Brain Tumor Classification Using ML and DL Approaches
Shubhangi Solanki, Uday Pratap Singh, Siddharth Singh Chouhan
Abstract
In medical image processing, categorizing brain tumors is one of the most critical and challenging challenges that must be solved. Because manual classification carried out with the assistance of humans often leads to inaccurate diagnoses and projections, we have turned to machine learning to help us. The proposed work includes a performance evaluation of autonomous brain tumor identification from MR imaging as well as a CT scan utilizing basic image processing approaches depending on multiple hard and soft computing techniques. Furthermore, six classical classifiers were used to identify brain tumors in the photos. Then, to incorporate deep learning methods into our study, we used Convolutional Neural Networks and Deep Convolutional Neural Networks for brain tumor identification.

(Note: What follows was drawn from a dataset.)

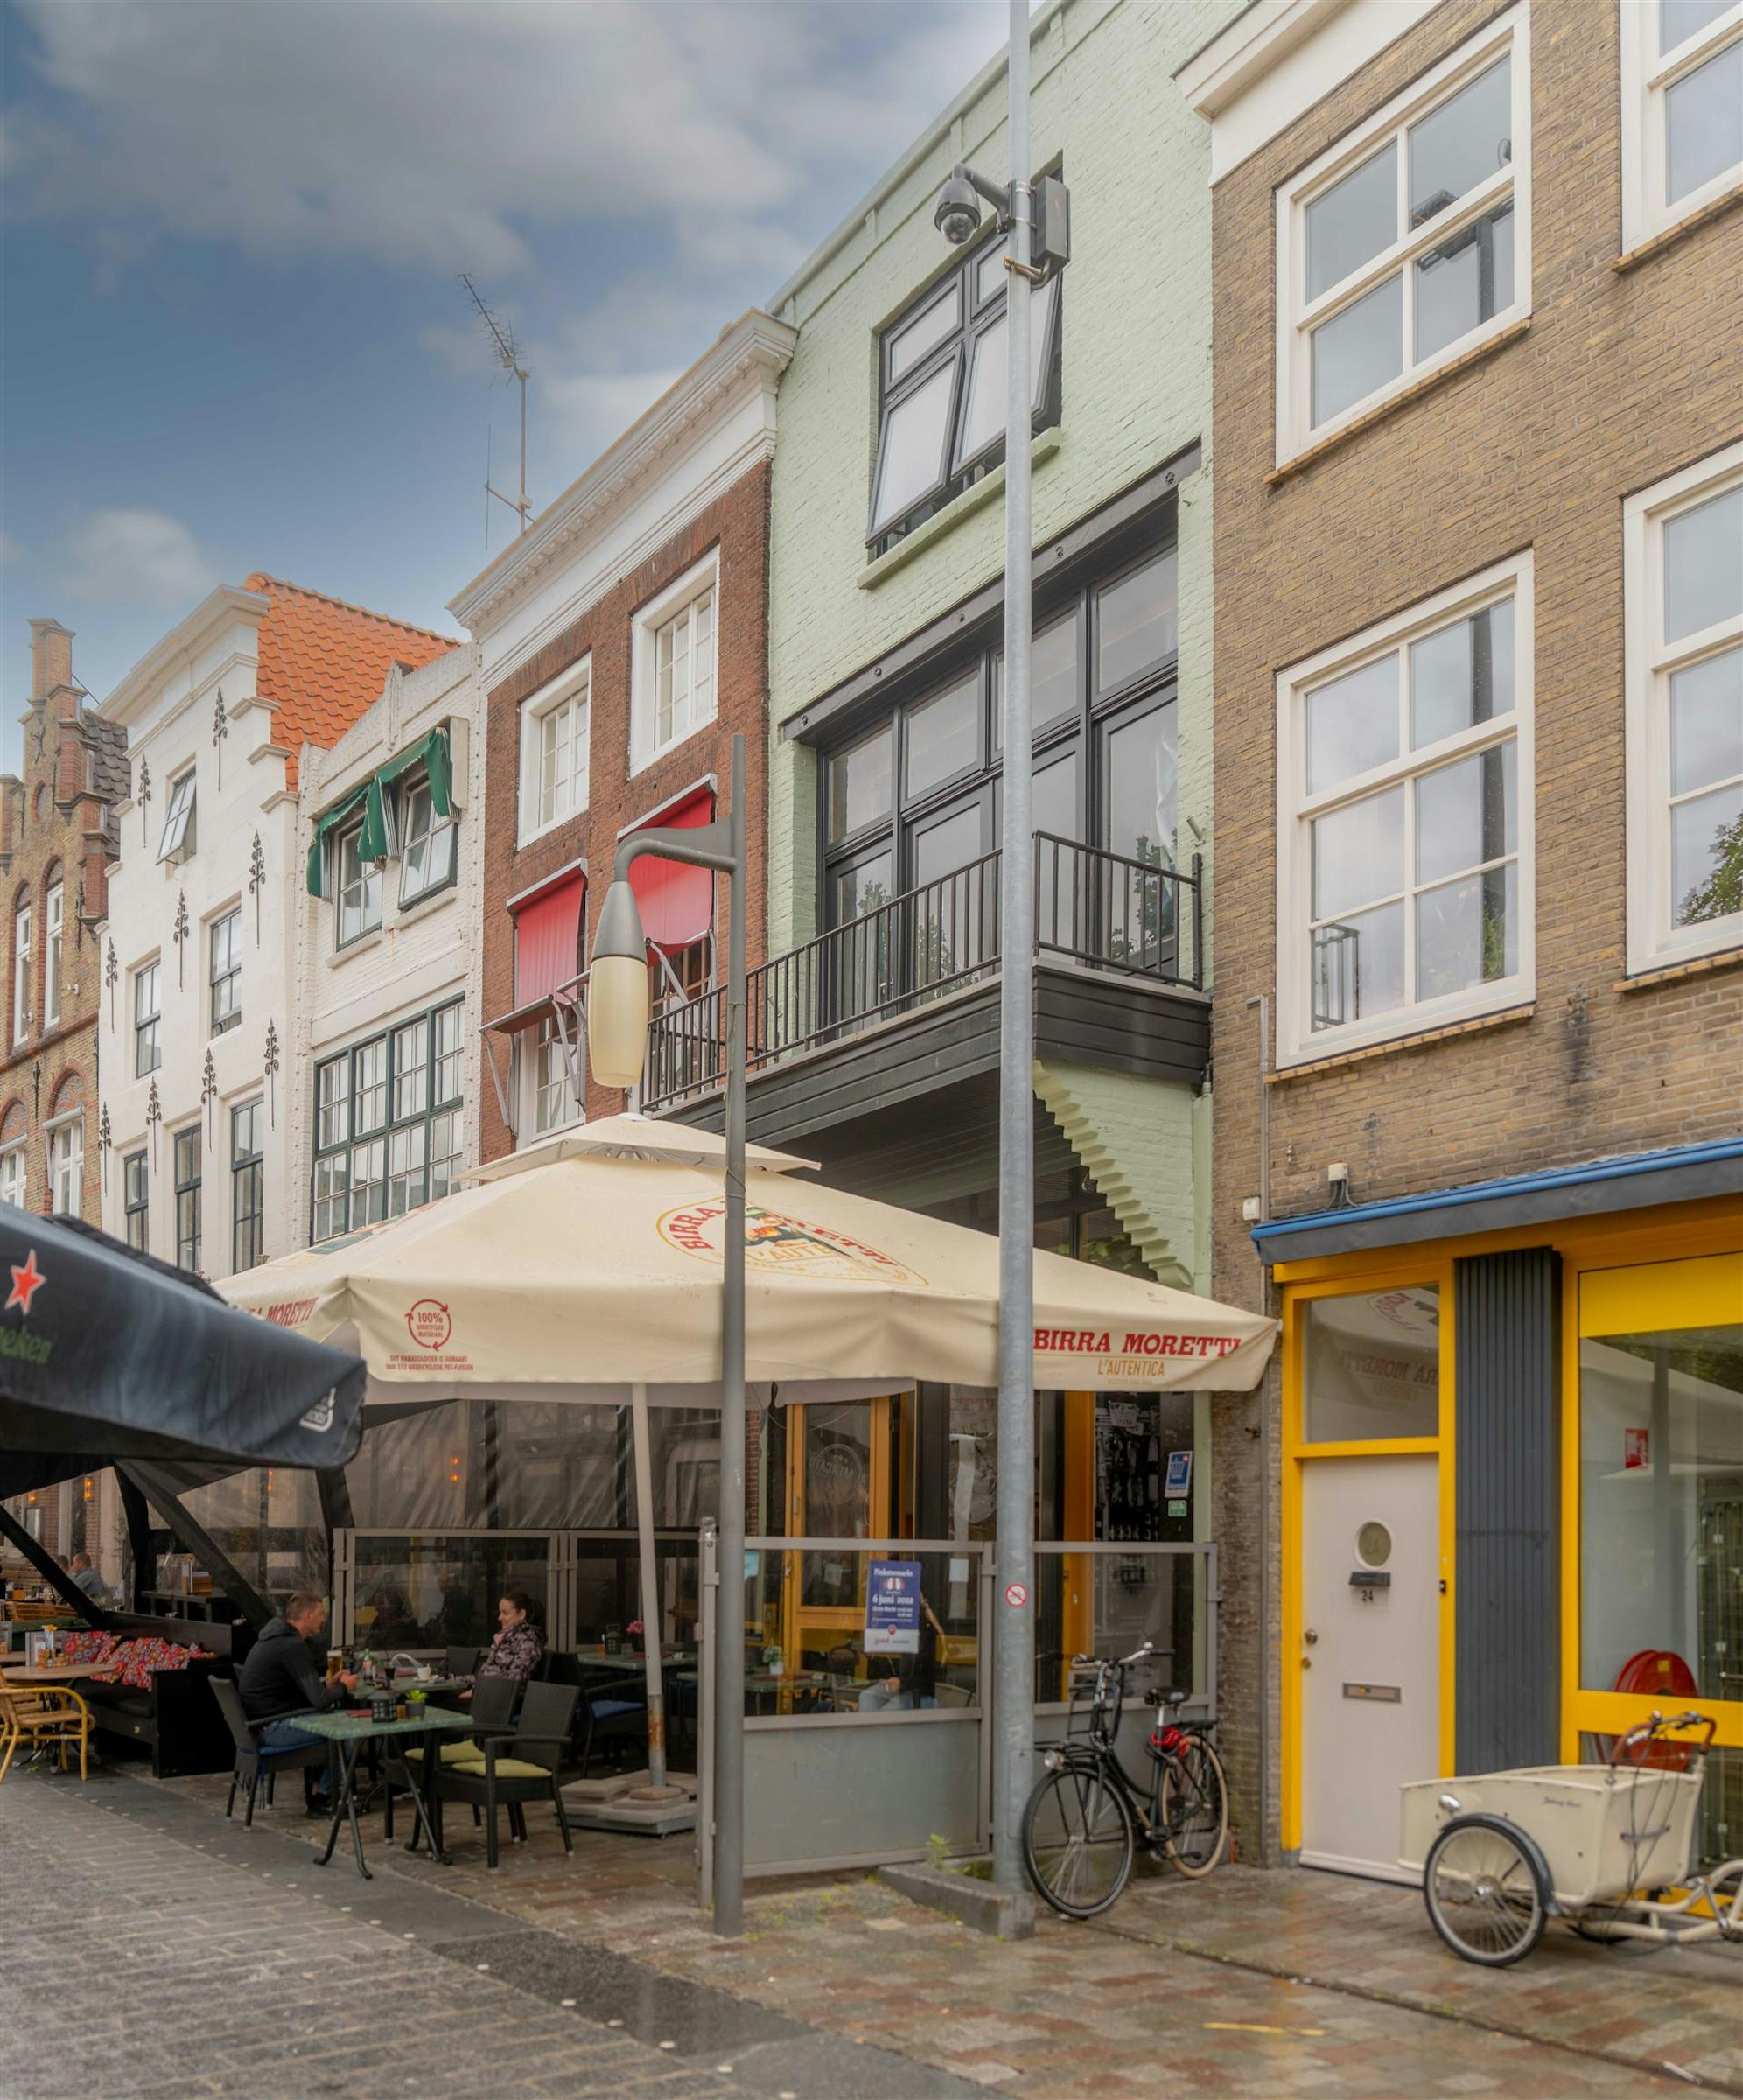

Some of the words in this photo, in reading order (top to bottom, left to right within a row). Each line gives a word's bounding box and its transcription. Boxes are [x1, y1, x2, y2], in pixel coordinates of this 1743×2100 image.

The outcome of the conventional ML with the best accuracy method SVM was analyzed to the outcome of the conventional CNN. The performance of Deep CNN models is assessed, and it is discovered that VGG16 outperforms all other Deep learning models. When contrasted with these traditional classification methods, the SVM's findings were the most accurate. After that, a CNN is used, which, in contrast to the conventional classifiers, shows a discernible rise in overall performance that is much superior. It was decided to test several different layers of CNN with a variety of split ratios for the dataset. The outcomes of the experiments show that a five-layered CNN with an 80:20 split ratio is capable of achieving the greatest performance accuracy possible, which is 97.86%.